Images for object localization
********
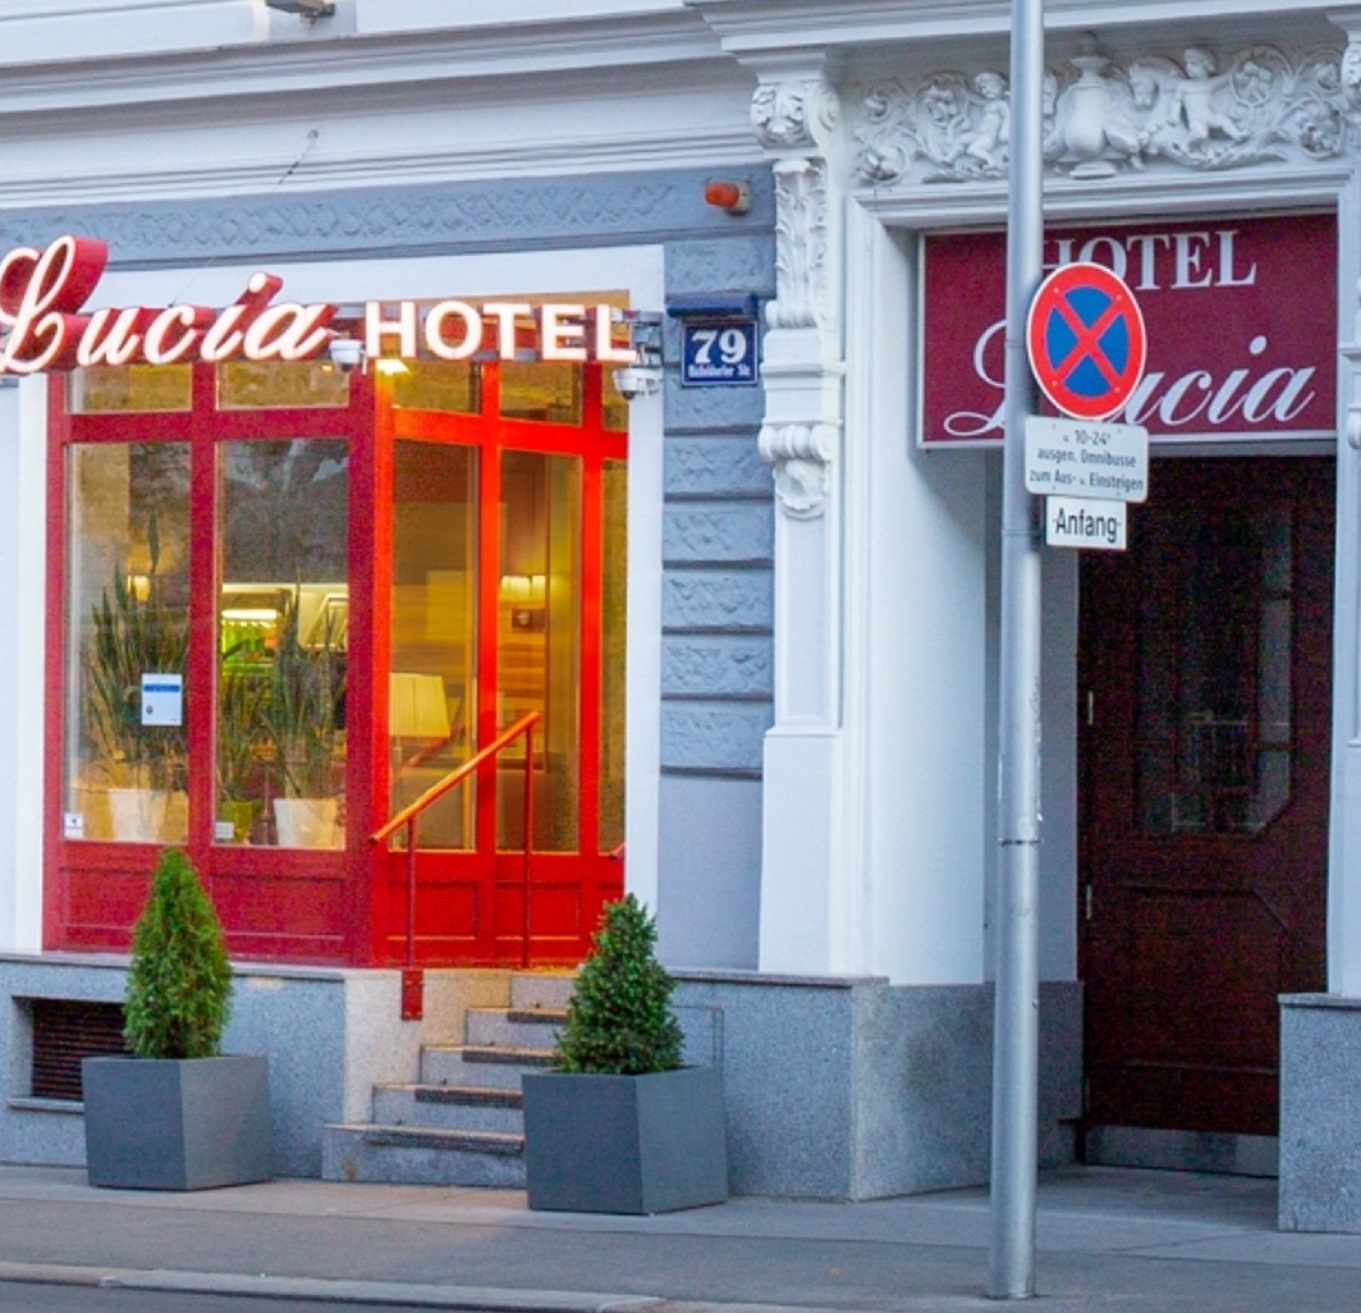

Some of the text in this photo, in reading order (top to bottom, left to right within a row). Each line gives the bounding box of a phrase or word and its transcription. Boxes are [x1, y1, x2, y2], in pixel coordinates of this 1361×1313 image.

[365, 300, 637, 361] HOTEL
[691, 329, 747, 364] 79
[1080, 448, 1137, 468] Omnibusse
[1088, 471, 1144, 493] Einsteigen
[1055, 507, 1118, 544] Anfang
********
■ **What the task asks**
Each record above should come back exactly the same, only without its pictures.

■ **Result below**
Some of the text in this photo, in reading order (top to bottom, left to right within a row). Each line gives the bounding box of a phrase or word and its transcription. Boxes are [x1, y1, x2, y2], in pixel coordinates of this 1361×1313 image.

[365, 300, 637, 361] HOTEL
[691, 329, 747, 364] 79
[1080, 448, 1137, 468] Omnibusse
[1088, 471, 1144, 493] Einsteigen
[1055, 507, 1118, 544] Anfang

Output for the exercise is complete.